Cain and Abel are like Typhon [Set] and Osiris.—In Egypt the rival brothers were Typhon [Set] and Osiris. .Typhon got into his brother’s house and murdered him, and reigned in his stead. This reversed position of the hemispheres is set forth also in another way, by the statement that Osiris descended into the underworld and became the god of the dead. A new calendar was framed in which the god of light was Horus; and he, as the son of Osiris, assumed the task of avenging his father. It was not easily done, and for a long time the struggle went on between Horus and Set (Typhon is the Greek name for Set). It seems likely that this warfare, with alternate gain and loss, represents a troublesome experience of calendar mending before the seasons were accurately measured and adjusted.

Cain and Abel are like these Egyptian brothers, though with some differences. Cain seems to belong to the autumn equinox, the place and season of the fruits of the ground; and Abel to the spring, which is the place and season of the lambs of the flock. The vernal equinox is the more acceptable time for the beginning of the year; but the calendar is erroneous, and in some way the autumn proves to have the advantage. Cain kills his brother Abel, as Typhon murdered Osiris. Then, as the place of Osiris was taken by Horus, the place of Abel is taken by Seth; and we may look upon Seth as Abel redivivus without his weakness or defect. We are not favored, however, with any details of a struggle between Seth and Cain, like that which is chronicled concerning Horus and Set.
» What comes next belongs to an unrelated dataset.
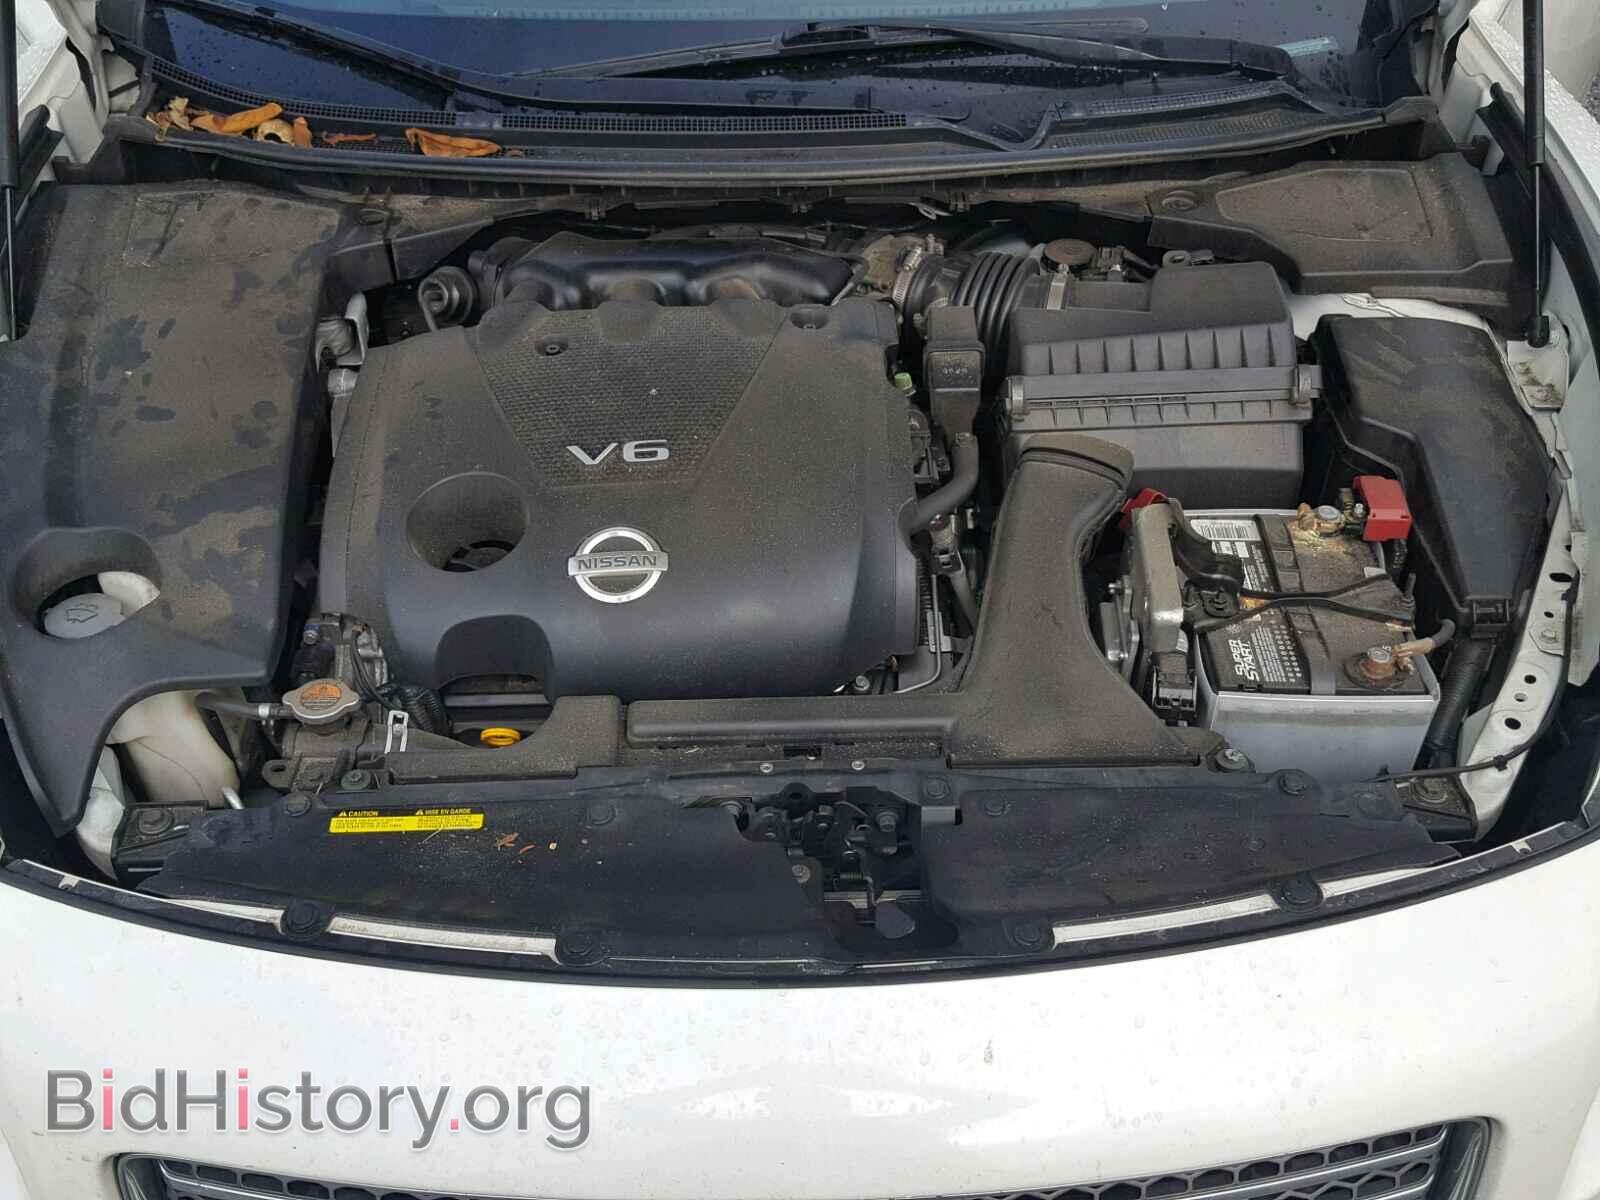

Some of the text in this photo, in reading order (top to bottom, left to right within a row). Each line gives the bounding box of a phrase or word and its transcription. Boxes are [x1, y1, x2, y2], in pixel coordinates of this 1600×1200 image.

Jewish legends about Cain and Abel are of uncertain origin and doubtful meaning: yet some of them would admit of easy adaptation to the theory of rival calendars, and more than one looks like a fragment of astronomical tradition. In Egypt the twin brothers Typhon and Osiris had twin sisters, and were married to them (as the social custom of Egypt would allow)—Osiris to Isis, and Typhon to Nephthys. In the astronomic symbolism the sisters may have represented the solstices, or they may have stood by their brothers at the equinoxes as goddesses of New Year festivals. At all events, the error which brought one equinox to the place of the other and allowed Typhon to kill Osiris, brought each brother, in the same figurative way, to the couch of the other’s wife. Nephthys, in all innocence, bears a son to Osiris—there was something in the astronomic facts to justify this conception—and that son, Anubis the jackal, is no doubt a star of that name. It is very curious then to find Jewish legends declaring that Cain and Abel were twins; and again that each had a twin sister, and although Adam gave Cain’s sister to Abel, and Abel’s sister to Cain, Cain desired to marry his own sister Azrun. This is given as the cause of the quarrel which led to the murder. The fatal blow was dealt with a stone, or with a scythe or crooked hedging bill: and symbolism has meanings for fatal stones and murderous sickles.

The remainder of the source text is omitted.